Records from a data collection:
----------
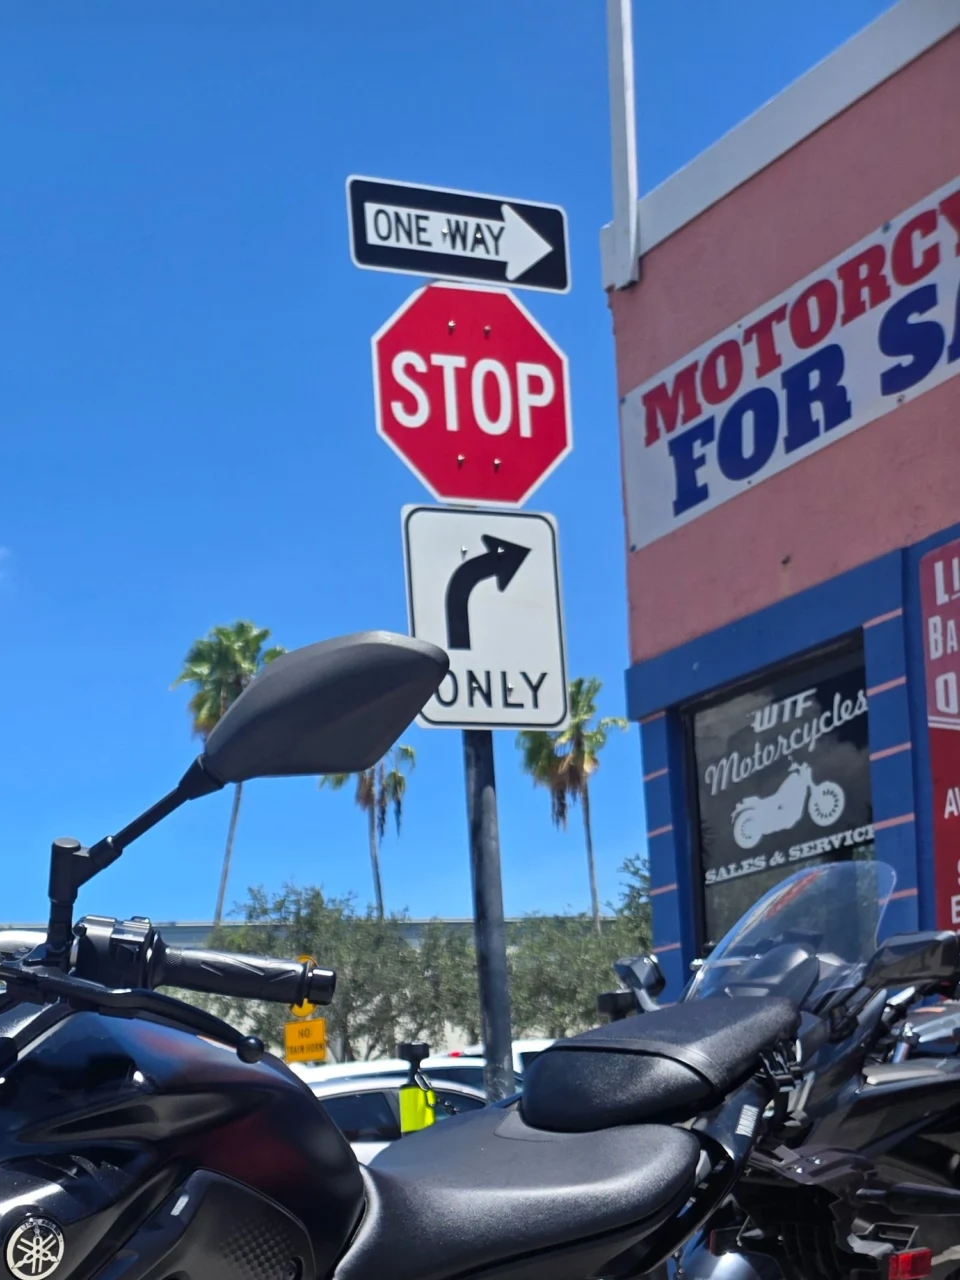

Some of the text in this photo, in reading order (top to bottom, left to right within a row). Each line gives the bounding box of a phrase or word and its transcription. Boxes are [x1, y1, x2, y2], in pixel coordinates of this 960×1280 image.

[373, 208, 505, 256] ONE WAY
[391, 350, 555, 438] STOP
[668, 277, 960, 517] FOR S
[435, 669, 548, 709] ONLY
[751, 688, 817, 733] WTF
[705, 689, 869, 796] Motorcycles
[705, 854, 766, 885] SALES
[769, 850, 785, 867] &
[297, 1028, 311, 1039] NO
----------
→ Problem to solve
Each line above is to be copied verbatim. Drop any image from the copy.

→ Answer section
Some of the text in this photo, in reading order (top to bottom, left to right within a row). Each line gives the bounding box of a phrase or word and its transcription. Boxes are [x1, y1, x2, y2], in pixel coordinates of this 960×1280 image.

[373, 208, 505, 256] ONE WAY
[391, 350, 555, 438] STOP
[668, 277, 960, 517] FOR S
[435, 669, 548, 709] ONLY
[751, 688, 817, 733] WTF
[705, 689, 869, 796] Motorcycles
[705, 854, 766, 885] SALES
[769, 850, 785, 867] &
[297, 1028, 311, 1039] NO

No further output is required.